« Je ne cacherai plus mon visage » : la fille qui a caché son visage avec du maquillage a montré à quoi elle ressemble vraiment

«Je ne cacherai plus mon visage»: elle a recouvert pendant des années la tache de naissance gris bleuâtre sur son visage avec des couches de produits cosmétiques. Maintenant, elle a grandi et a décidé de montrer au monde à quoi elle ressemble en réalité.

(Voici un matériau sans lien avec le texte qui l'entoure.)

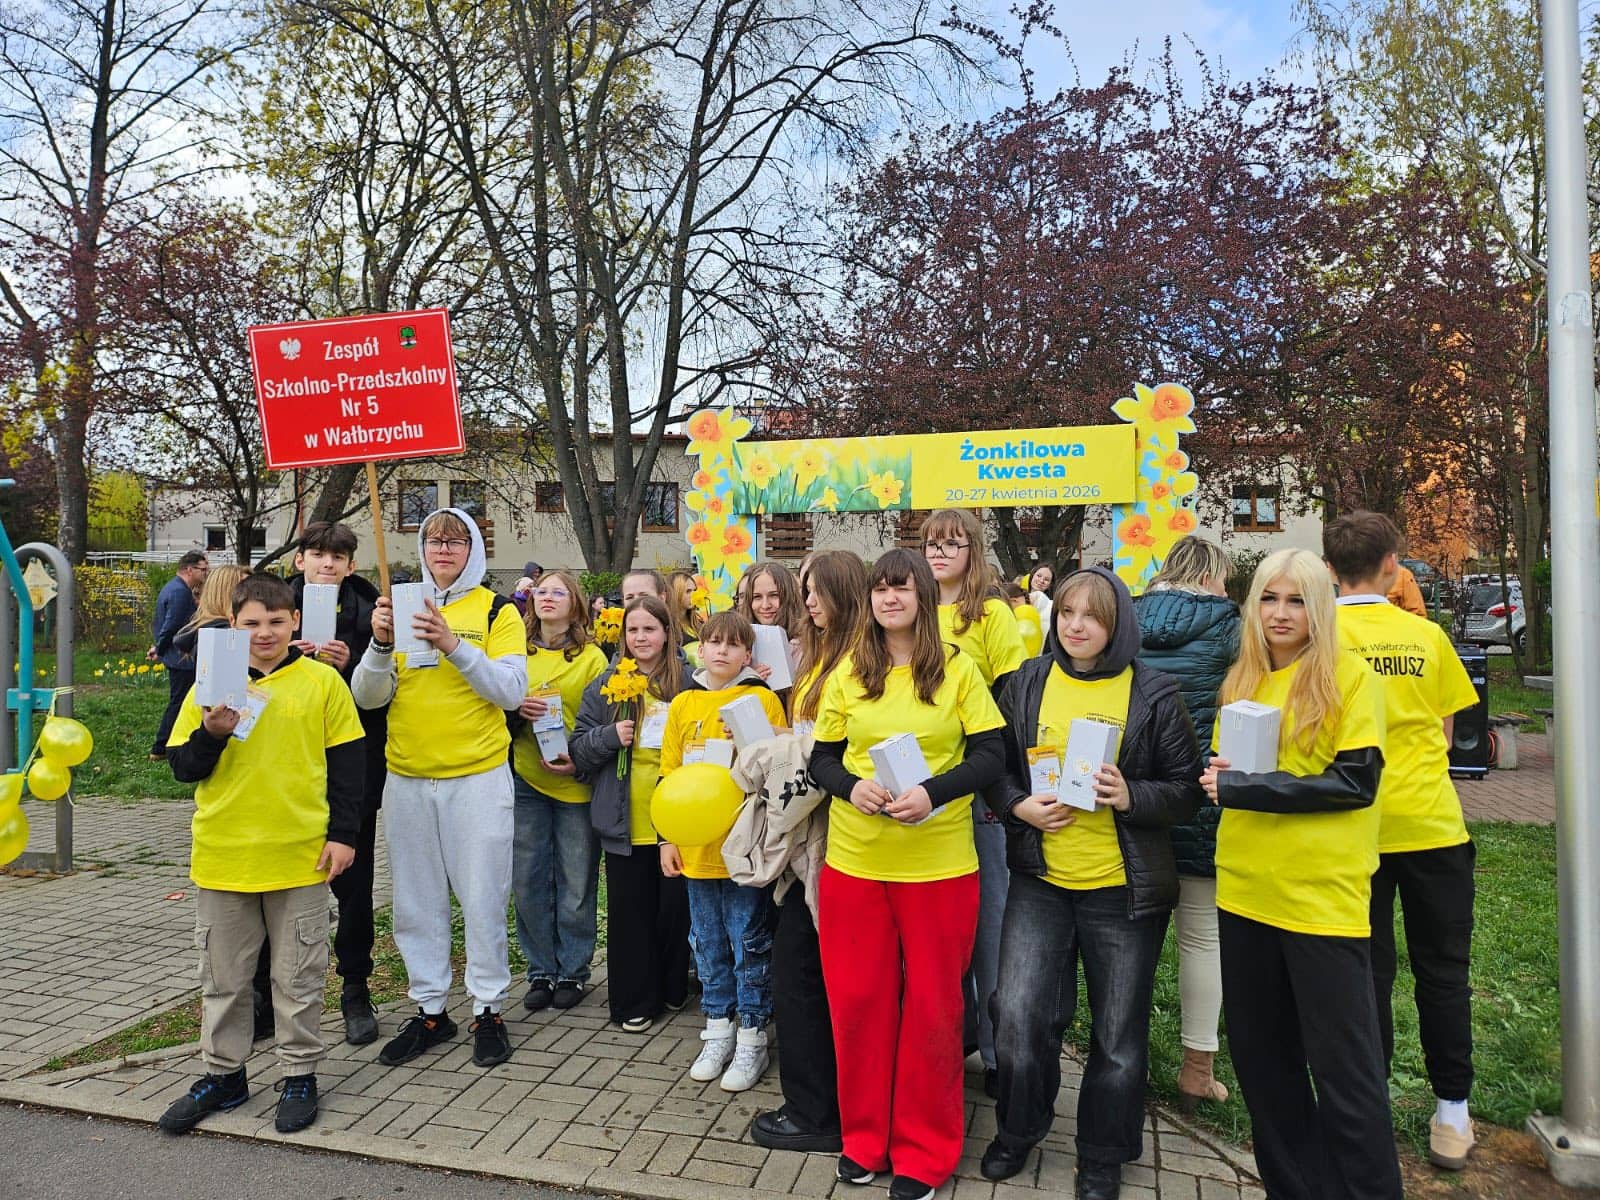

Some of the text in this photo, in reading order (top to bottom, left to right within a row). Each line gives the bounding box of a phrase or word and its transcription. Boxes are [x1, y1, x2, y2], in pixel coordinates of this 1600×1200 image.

[323, 336, 380, 362] Zespół
[263, 364, 447, 399] Szkolno-Przedszkolny
[340, 395, 379, 417] Nr 5
[304, 421, 424, 448] w Wałbrzychu
[959, 438, 1085, 461] Żonkilowa
[978, 462, 1066, 480] Kwesta
[945, 484, 1101, 501] 20-27 kwietnia 2026
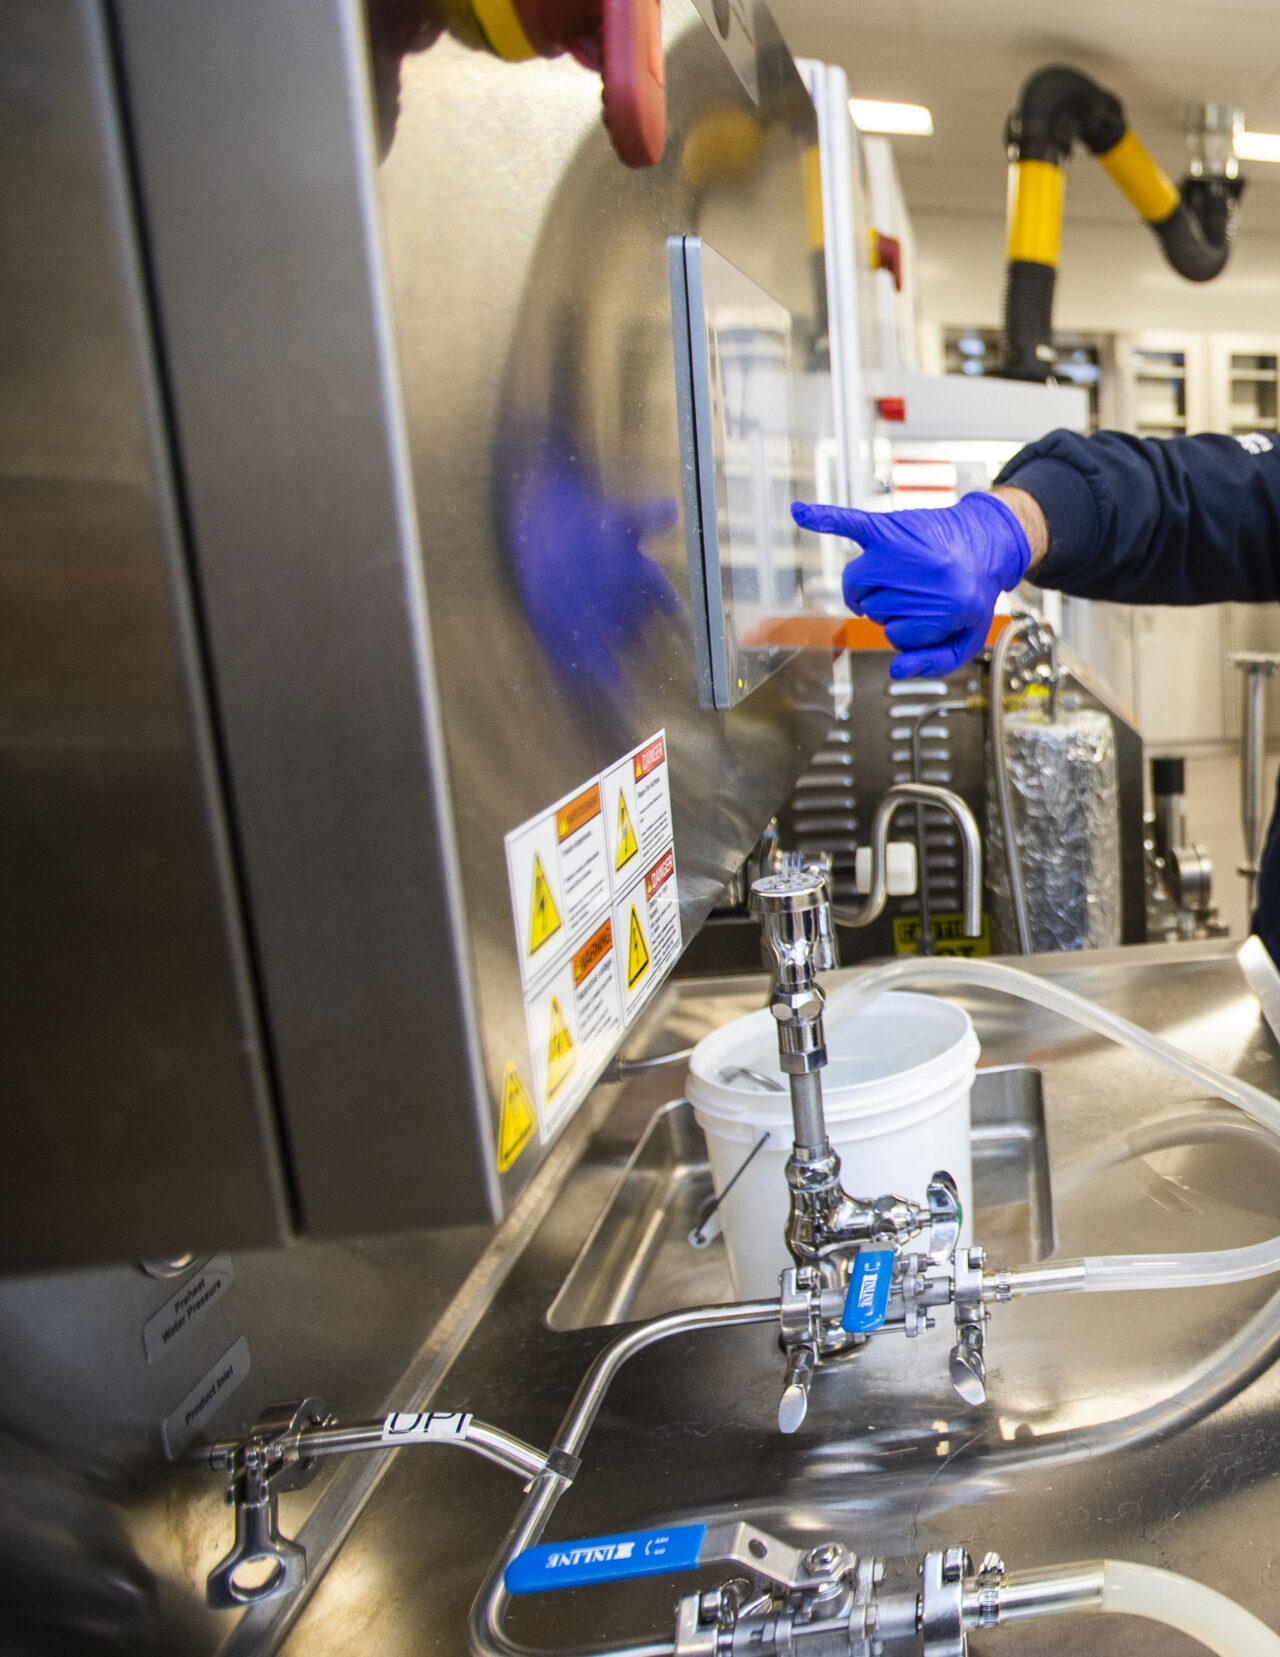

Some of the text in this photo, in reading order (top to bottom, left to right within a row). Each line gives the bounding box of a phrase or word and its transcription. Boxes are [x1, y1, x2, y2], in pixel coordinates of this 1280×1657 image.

[641, 742, 663, 770] DANGER
[651, 854, 673, 889] DANGER
[580, 927, 611, 970] WARNING
[162, 1280, 222, 1344] Water Pressure
[174, 1277, 206, 1315] Preheat
[860, 1280, 876, 1308] INLINE
[185, 1364, 234, 1426] Product Inlet
[545, 1546, 618, 1569] INLINE

Le récit de Carlotta Bertotti est un récit de courage et d’introspection. Elle a recouvert la tache de naissance gris bleuâtre sur son visage avec des couches de produits cosmétiques pendant des années. Mais cette apparente faiblesse est devenue une représentation de sa personnalité distincte.

Le naevus d’Ota, comme on appelle techniquement la tache de naissance, est une affection bénigne. Cependant, Carlotta a eu du mal à s’accepter.

 

À l’âge de huit ans, les cosmétiques sont devenus sa ligne de défense contre le monde extérieur. Elle a développé une routine quotidienne de deux heures pour dissimuler les défauts perçus.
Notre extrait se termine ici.